[Your instructions]:
The listing, minus its pictures, is to be given again exactly.

-------- Data for analysis

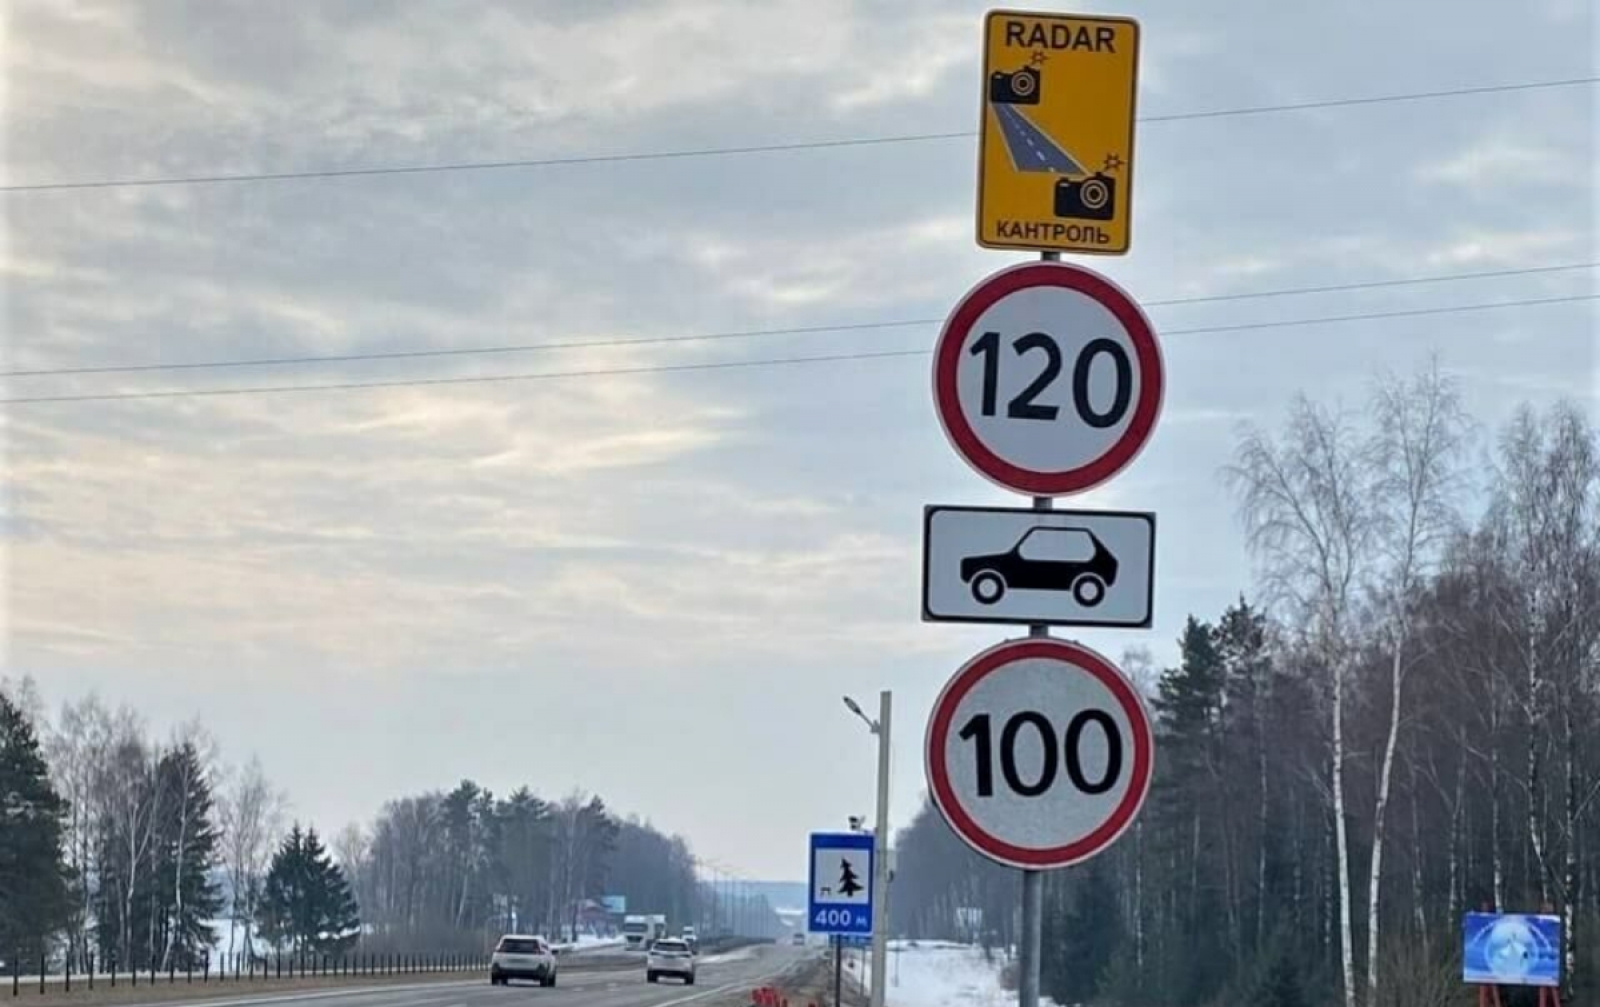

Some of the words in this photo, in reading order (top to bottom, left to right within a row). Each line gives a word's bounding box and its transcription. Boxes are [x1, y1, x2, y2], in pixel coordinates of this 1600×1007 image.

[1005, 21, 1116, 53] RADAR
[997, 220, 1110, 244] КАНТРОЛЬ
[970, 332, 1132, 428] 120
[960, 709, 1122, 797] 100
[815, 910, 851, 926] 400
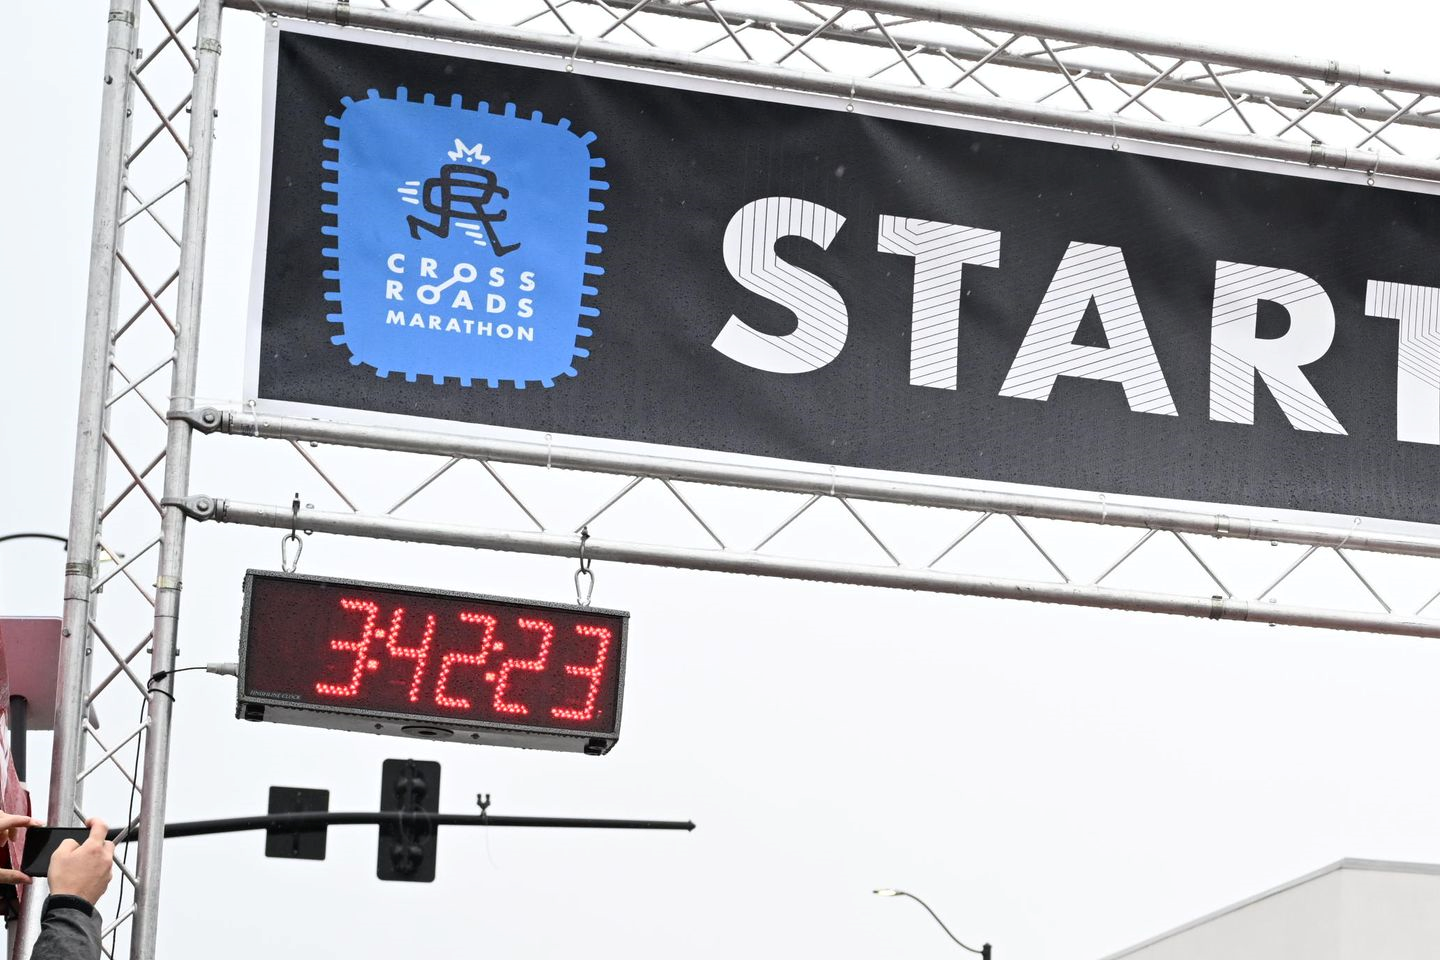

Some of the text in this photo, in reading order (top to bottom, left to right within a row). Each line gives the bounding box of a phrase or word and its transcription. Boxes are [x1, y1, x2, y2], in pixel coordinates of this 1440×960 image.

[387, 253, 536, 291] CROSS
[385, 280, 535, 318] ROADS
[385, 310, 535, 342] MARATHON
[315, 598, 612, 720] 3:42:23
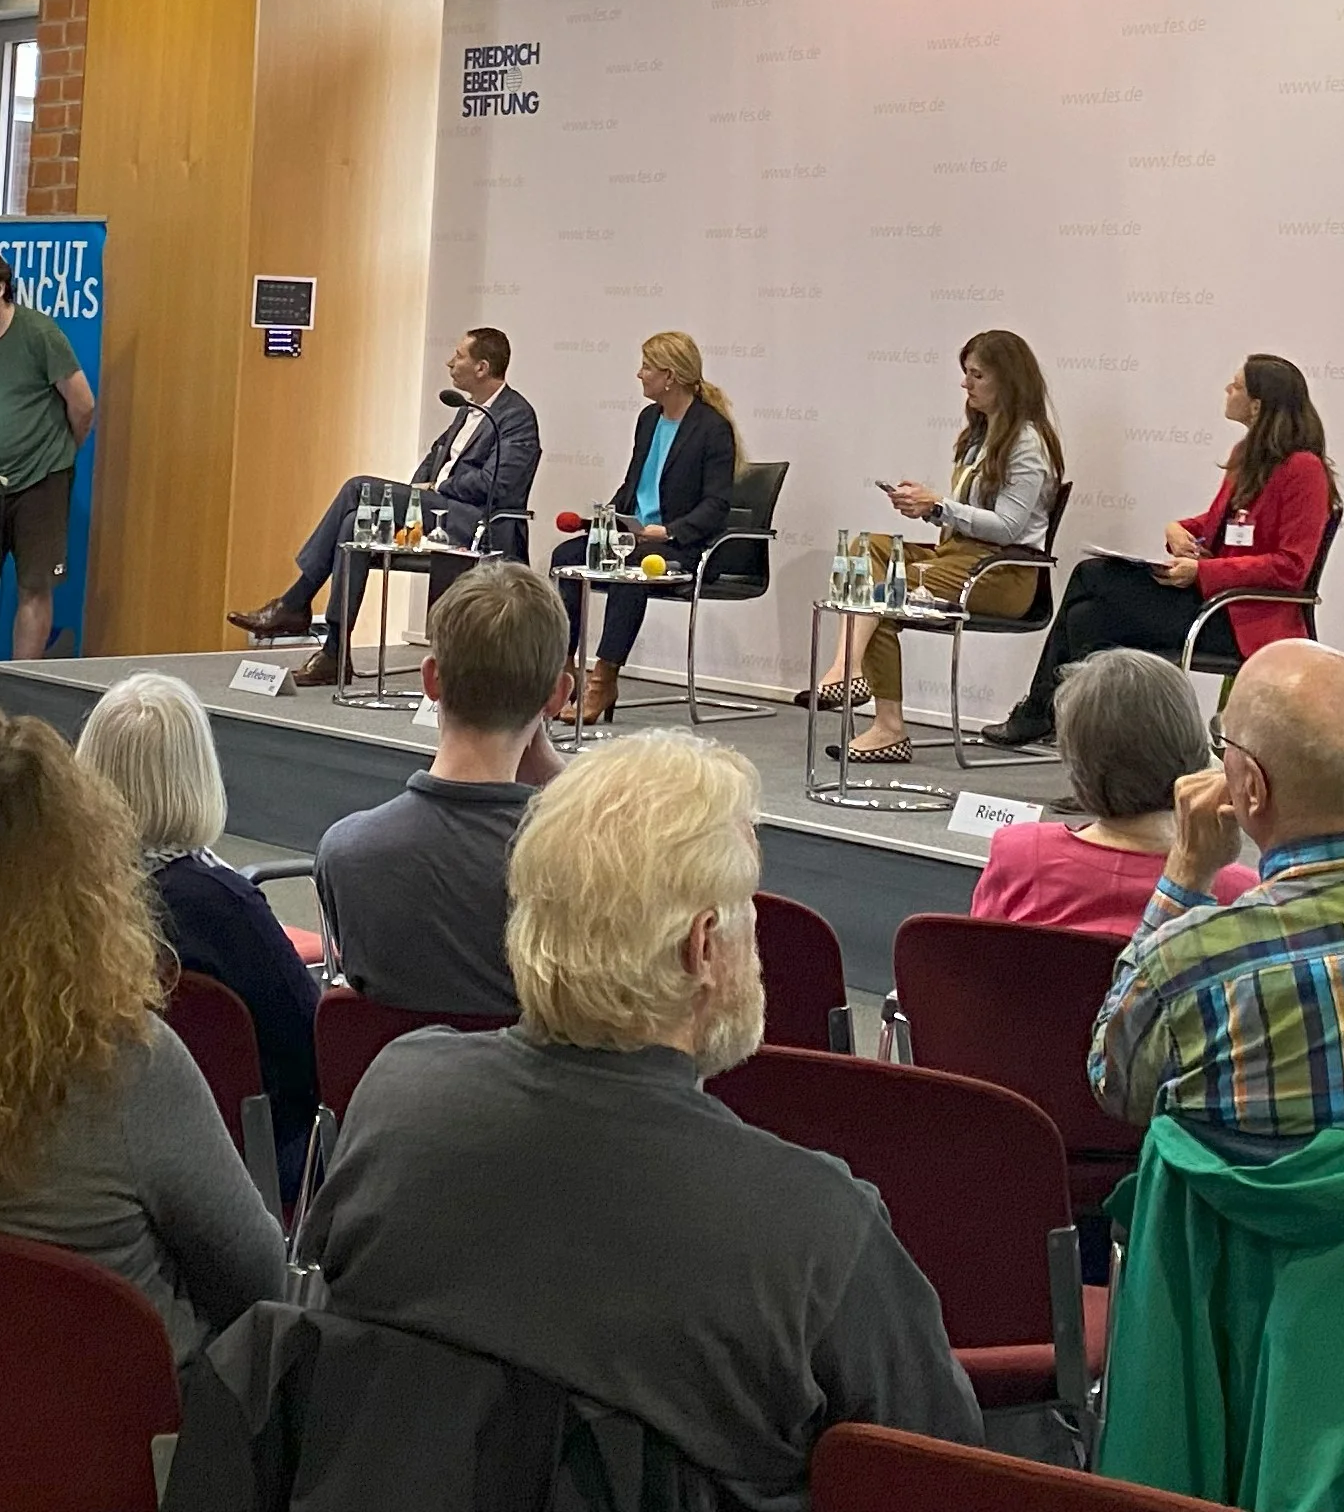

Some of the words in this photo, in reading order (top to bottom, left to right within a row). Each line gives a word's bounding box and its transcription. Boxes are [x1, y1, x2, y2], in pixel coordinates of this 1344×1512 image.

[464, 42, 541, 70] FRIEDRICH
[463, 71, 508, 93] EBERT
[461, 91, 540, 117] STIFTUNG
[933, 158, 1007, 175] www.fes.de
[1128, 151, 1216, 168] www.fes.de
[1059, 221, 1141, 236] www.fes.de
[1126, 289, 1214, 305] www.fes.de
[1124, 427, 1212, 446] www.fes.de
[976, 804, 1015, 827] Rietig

----------------

[Answer to this task]:
Some of the words in this photo, in reading order (top to bottom, left to right within a row). Each line gives a word's bounding box and its transcription. Boxes are [x1, y1, x2, y2], in pixel coordinates of this 1600×1007 image.

[1005, 21, 1116, 53] RADAR
[997, 220, 1110, 244] КАНТРОЛЬ
[970, 332, 1132, 428] 120
[960, 709, 1122, 797] 100
[815, 910, 851, 926] 400

Some of the text in this photo, in reading order (top to bottom, left to right within a row). Each line gives the bounding box of a phrase or word and its transcription. Boxes are [x1, y1, x2, y2], in pixel coordinates of this 1440×960 image.

[387, 253, 536, 291] CROSS
[385, 280, 535, 318] ROADS
[385, 310, 535, 342] MARATHON
[315, 598, 612, 720] 3:42:23

Some of the words in this photo, in reading order (top to bottom, left to right within a row). Each line gives a word's bounding box and its transcription. Boxes are [x1, y1, x2, y2], in pixel coordinates of this 1344×1512 image.

[464, 42, 541, 70] FRIEDRICH
[463, 71, 508, 93] EBERT
[461, 91, 540, 117] STIFTUNG
[933, 158, 1007, 175] www.fes.de
[1128, 151, 1216, 168] www.fes.de
[1059, 221, 1141, 236] www.fes.de
[1126, 289, 1214, 305] www.fes.de
[1124, 427, 1212, 446] www.fes.de
[976, 804, 1015, 827] Rietig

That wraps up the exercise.